THE PROBLEM: An exact reproduction of every record is required.

MATERIAL FOR THE TASK:

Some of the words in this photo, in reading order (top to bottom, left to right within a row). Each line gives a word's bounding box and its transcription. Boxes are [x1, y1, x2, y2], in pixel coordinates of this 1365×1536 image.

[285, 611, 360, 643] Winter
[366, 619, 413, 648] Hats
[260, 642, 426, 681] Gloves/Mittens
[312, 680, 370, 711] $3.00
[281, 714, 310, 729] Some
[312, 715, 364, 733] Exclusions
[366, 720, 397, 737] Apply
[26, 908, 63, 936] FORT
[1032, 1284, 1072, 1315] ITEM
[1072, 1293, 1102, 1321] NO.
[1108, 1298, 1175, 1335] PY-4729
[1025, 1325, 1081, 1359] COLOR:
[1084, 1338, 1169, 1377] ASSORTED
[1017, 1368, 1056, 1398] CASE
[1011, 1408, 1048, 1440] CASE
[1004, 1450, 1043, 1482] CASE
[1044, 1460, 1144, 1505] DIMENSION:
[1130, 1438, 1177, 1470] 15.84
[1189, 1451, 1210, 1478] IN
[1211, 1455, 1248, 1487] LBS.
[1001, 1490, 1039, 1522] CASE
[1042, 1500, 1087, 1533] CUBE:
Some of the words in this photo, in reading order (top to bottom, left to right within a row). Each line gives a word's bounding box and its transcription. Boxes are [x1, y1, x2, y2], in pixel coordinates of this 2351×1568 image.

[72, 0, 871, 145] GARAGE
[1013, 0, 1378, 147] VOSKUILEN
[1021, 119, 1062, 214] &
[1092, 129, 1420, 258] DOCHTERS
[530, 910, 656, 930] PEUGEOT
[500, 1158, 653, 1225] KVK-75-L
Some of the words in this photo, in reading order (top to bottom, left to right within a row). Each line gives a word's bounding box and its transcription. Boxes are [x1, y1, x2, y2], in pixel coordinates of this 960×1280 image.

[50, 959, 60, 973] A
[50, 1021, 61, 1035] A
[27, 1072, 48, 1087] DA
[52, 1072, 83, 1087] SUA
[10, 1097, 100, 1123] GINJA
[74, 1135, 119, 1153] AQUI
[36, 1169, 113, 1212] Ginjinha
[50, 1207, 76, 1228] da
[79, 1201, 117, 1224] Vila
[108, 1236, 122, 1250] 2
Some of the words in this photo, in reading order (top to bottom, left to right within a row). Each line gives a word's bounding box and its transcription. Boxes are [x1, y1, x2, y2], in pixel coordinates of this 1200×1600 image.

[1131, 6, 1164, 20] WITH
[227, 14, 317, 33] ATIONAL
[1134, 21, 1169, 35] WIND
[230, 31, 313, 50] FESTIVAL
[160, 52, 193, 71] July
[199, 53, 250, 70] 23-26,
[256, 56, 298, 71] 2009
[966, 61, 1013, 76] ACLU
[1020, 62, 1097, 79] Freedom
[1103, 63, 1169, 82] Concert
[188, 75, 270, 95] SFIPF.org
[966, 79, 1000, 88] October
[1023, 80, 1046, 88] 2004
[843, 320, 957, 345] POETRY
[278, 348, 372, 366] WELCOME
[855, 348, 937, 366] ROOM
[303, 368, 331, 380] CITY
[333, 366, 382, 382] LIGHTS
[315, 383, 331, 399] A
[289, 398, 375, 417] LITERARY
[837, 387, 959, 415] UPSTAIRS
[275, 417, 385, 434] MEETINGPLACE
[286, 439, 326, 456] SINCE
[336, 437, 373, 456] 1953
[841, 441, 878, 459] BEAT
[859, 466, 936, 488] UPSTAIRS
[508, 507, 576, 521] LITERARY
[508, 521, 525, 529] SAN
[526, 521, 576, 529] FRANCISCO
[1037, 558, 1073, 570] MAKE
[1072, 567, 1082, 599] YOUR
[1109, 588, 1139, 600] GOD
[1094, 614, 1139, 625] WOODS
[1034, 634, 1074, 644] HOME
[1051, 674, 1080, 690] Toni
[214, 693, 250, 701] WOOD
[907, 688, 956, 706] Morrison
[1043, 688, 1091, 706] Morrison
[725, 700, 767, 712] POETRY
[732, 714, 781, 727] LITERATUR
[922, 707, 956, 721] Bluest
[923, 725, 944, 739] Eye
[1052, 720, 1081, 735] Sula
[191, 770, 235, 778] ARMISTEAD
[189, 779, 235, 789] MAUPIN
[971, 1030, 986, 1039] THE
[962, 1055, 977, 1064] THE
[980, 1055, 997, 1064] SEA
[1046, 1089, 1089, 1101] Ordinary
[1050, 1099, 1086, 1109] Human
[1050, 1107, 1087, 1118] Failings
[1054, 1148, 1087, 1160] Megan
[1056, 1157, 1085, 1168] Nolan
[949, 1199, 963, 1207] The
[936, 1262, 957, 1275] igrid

TASK ANSWER:
Some of the words in this photo, in reading order (top to bottom, left to right within a row). Each line gives a word's bounding box and its transcription. Boxes are [x1, y1, x2, y2], in pixel coordinates of this 1365×1536 image.

[285, 611, 360, 643] Winter
[366, 619, 413, 648] Hats
[260, 642, 426, 681] Gloves/Mittens
[312, 680, 370, 711] $3.00
[281, 714, 310, 729] Some
[312, 715, 364, 733] Exclusions
[366, 720, 397, 737] Apply
[26, 908, 63, 936] FORT
[1032, 1284, 1072, 1315] ITEM
[1072, 1293, 1102, 1321] NO.
[1108, 1298, 1175, 1335] PY-4729
[1025, 1325, 1081, 1359] COLOR:
[1084, 1338, 1169, 1377] ASSORTED
[1017, 1368, 1056, 1398] CASE
[1011, 1408, 1048, 1440] CASE
[1004, 1450, 1043, 1482] CASE
[1044, 1460, 1144, 1505] DIMENSION:
[1130, 1438, 1177, 1470] 15.84
[1189, 1451, 1210, 1478] IN
[1211, 1455, 1248, 1487] LBS.
[1001, 1490, 1039, 1522] CASE
[1042, 1500, 1087, 1533] CUBE:
Some of the words in this photo, in reading order (top to bottom, left to right within a row). Each line gives a word's bounding box and its transcription. Boxes are [x1, y1, x2, y2], in pixel coordinates of this 2351×1568 image.

[72, 0, 871, 145] GARAGE
[1013, 0, 1378, 147] VOSKUILEN
[1021, 119, 1062, 214] &
[1092, 129, 1420, 258] DOCHTERS
[530, 910, 656, 930] PEUGEOT
[500, 1158, 653, 1225] KVK-75-L
Some of the words in this photo, in reading order (top to bottom, left to right within a row). Each line gives a word's bounding box and its transcription. Boxes are [x1, y1, x2, y2], in pixel coordinates of this 960×1280 image.

[50, 959, 60, 973] A
[50, 1021, 61, 1035] A
[27, 1072, 48, 1087] DA
[52, 1072, 83, 1087] SUA
[10, 1097, 100, 1123] GINJA
[74, 1135, 119, 1153] AQUI
[36, 1169, 113, 1212] Ginjinha
[50, 1207, 76, 1228] da
[79, 1201, 117, 1224] Vila
[108, 1236, 122, 1250] 2
Some of the words in this photo, in reading order (top to bottom, left to right within a row). Each line gives a word's bounding box and its transcription. Boxes are [x1, y1, x2, y2], in pixel coordinates of this 1200×1600 image.

[1131, 6, 1164, 20] WITH
[227, 14, 317, 33] ATIONAL
[1134, 21, 1169, 35] WIND
[230, 31, 313, 50] FESTIVAL
[160, 52, 193, 71] July
[199, 53, 250, 70] 23-26,
[256, 56, 298, 71] 2009
[966, 61, 1013, 76] ACLU
[1020, 62, 1097, 79] Freedom
[1103, 63, 1169, 82] Concert
[188, 75, 270, 95] SFIPF.org
[966, 79, 1000, 88] October
[1023, 80, 1046, 88] 2004
[843, 320, 957, 345] POETRY
[278, 348, 372, 366] WELCOME
[855, 348, 937, 366] ROOM
[303, 368, 331, 380] CITY
[333, 366, 382, 382] LIGHTS
[315, 383, 331, 399] A
[289, 398, 375, 417] LITERARY
[837, 387, 959, 415] UPSTAIRS
[275, 417, 385, 434] MEETINGPLACE
[286, 439, 326, 456] SINCE
[336, 437, 373, 456] 1953
[841, 441, 878, 459] BEAT
[859, 466, 936, 488] UPSTAIRS
[508, 507, 576, 521] LITERARY
[508, 521, 525, 529] SAN
[526, 521, 576, 529] FRANCISCO
[1037, 558, 1073, 570] MAKE
[1072, 567, 1082, 599] YOUR
[1109, 588, 1139, 600] GOD
[1094, 614, 1139, 625] WOODS
[1034, 634, 1074, 644] HOME
[1051, 674, 1080, 690] Toni
[214, 693, 250, 701] WOOD
[907, 688, 956, 706] Morrison
[1043, 688, 1091, 706] Morrison
[725, 700, 767, 712] POETRY
[732, 714, 781, 727] LITERATUR
[922, 707, 956, 721] Bluest
[923, 725, 944, 739] Eye
[1052, 720, 1081, 735] Sula
[191, 770, 235, 778] ARMISTEAD
[189, 779, 235, 789] MAUPIN
[971, 1030, 986, 1039] THE
[962, 1055, 977, 1064] THE
[980, 1055, 997, 1064] SEA
[1046, 1089, 1089, 1101] Ordinary
[1050, 1099, 1086, 1109] Human
[1050, 1107, 1087, 1118] Failings
[1054, 1148, 1087, 1160] Megan
[1056, 1157, 1085, 1168] Nolan
[949, 1199, 963, 1207] The
[936, 1262, 957, 1275] igrid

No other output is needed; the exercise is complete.